Please restate the entries verbatim. The copy should hold no pictures.

(TASK INPUTS begins)

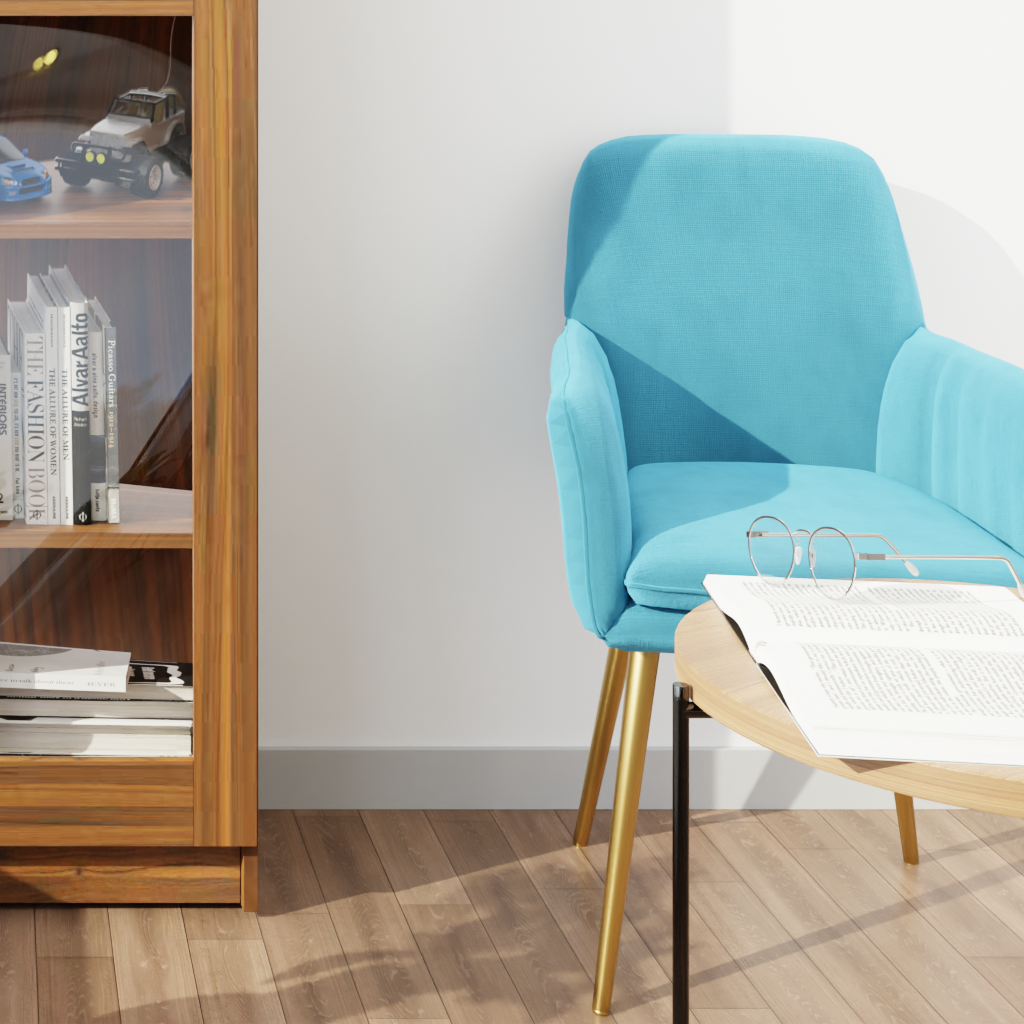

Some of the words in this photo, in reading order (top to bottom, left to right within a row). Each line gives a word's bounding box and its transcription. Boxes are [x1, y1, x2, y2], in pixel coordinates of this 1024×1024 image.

[71, 313, 88, 360] Aalto
[27, 336, 44, 375] THE
[107, 339, 116, 372] Picasso
[48, 368, 56, 387] THE
[71, 361, 88, 406] Alvar
[107, 373, 116, 408] Guitars
[27, 381, 45, 463] FASHION
[61, 389, 69, 425] ALLURE
[91, 401, 99, 418] design
[49, 426, 57, 439] OF
[62, 426, 69, 439] OF
[62, 440, 70, 461] MEN
[28, 468, 46, 521] BOOK
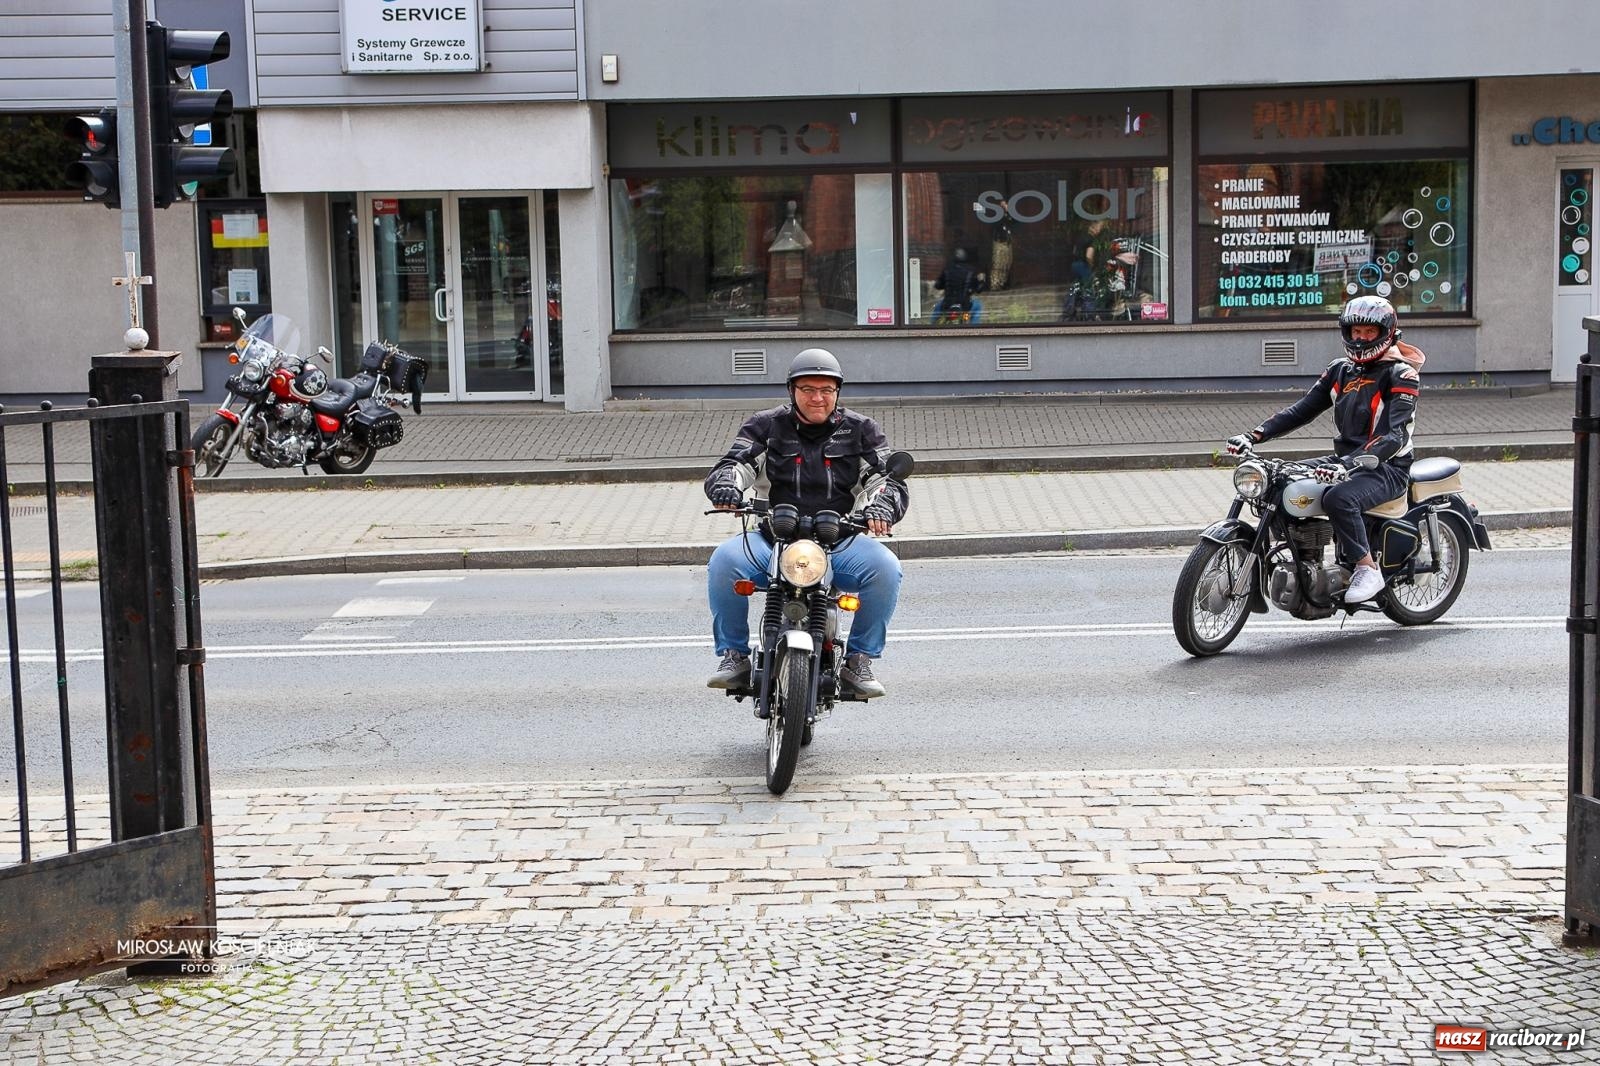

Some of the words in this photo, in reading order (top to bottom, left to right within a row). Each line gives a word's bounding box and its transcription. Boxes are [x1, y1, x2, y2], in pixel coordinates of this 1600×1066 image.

[382, 7, 467, 22] SERVICE
[357, 38, 406, 51] Systemy
[409, 37, 466, 48] Grzewcze
[351, 52, 355, 62] i
[358, 52, 413, 62] Sanitarne
[423, 52, 442, 63] Sp.
[444, 53, 451, 61] z
[453, 53, 473, 61] o.o.
[656, 116, 841, 158] klima
[908, 106, 1162, 152] ogrzewanie
[1221, 178, 1264, 193] PRANIE
[975, 179, 1146, 224] solar
[1221, 195, 1301, 211] MAGLOWANIE
[1221, 214, 1264, 229] PRANIE
[1266, 210, 1331, 227] DYWANÓW
[1221, 231, 1296, 247] CZYSZCZENIE
[1298, 229, 1366, 246] CHEMICZNE
[404, 242, 425, 256] SGS
[1221, 250, 1292, 265] GARDEROBY
[1219, 276, 1236, 290] tel
[1237, 275, 1262, 289] 032
[1263, 274, 1285, 289] 415
[1286, 274, 1303, 288] 30
[1305, 273, 1320, 287] 51
[1219, 293, 1249, 307] kom.
[1251, 293, 1275, 306] 604
[1277, 292, 1298, 306] 517
[1299, 291, 1323, 305] 306

(TASK INPUTS ends)

**ANSWER BOX:**
Some of the words in this photo, in reading order (top to bottom, left to right within a row). Each line gives a word's bounding box and its transcription. Boxes are [x1, y1, x2, y2], in pixel coordinates of this 1024×1024 image.

[71, 313, 88, 360] Aalto
[27, 336, 44, 375] THE
[107, 339, 116, 372] Picasso
[48, 368, 56, 387] THE
[71, 361, 88, 406] Alvar
[107, 373, 116, 408] Guitars
[27, 381, 45, 463] FASHION
[61, 389, 69, 425] ALLURE
[91, 401, 99, 418] design
[49, 426, 57, 439] OF
[62, 426, 69, 439] OF
[62, 440, 70, 461] MEN
[28, 468, 46, 521] BOOK

Some of the words in this photo, in reading order (top to bottom, left to right within a row). Each line gives a word's bounding box and its transcription. Boxes are [x1, y1, x2, y2], in pixel coordinates of this 1600×1066 image.

[382, 7, 467, 22] SERVICE
[357, 38, 406, 51] Systemy
[409, 37, 466, 48] Grzewcze
[351, 52, 355, 62] i
[358, 52, 413, 62] Sanitarne
[423, 52, 442, 63] Sp.
[444, 53, 451, 61] z
[453, 53, 473, 61] o.o.
[656, 116, 841, 158] klima
[908, 106, 1162, 152] ogrzewanie
[1221, 178, 1264, 193] PRANIE
[975, 179, 1146, 224] solar
[1221, 195, 1301, 211] MAGLOWANIE
[1221, 214, 1264, 229] PRANIE
[1266, 210, 1331, 227] DYWANÓW
[1221, 231, 1296, 247] CZYSZCZENIE
[1298, 229, 1366, 246] CHEMICZNE
[404, 242, 425, 256] SGS
[1221, 250, 1292, 265] GARDEROBY
[1219, 276, 1236, 290] tel
[1237, 275, 1262, 289] 032
[1263, 274, 1285, 289] 415
[1286, 274, 1303, 288] 30
[1305, 273, 1320, 287] 51
[1219, 293, 1249, 307] kom.
[1251, 293, 1275, 306] 604
[1277, 292, 1298, 306] 517
[1299, 291, 1323, 305] 306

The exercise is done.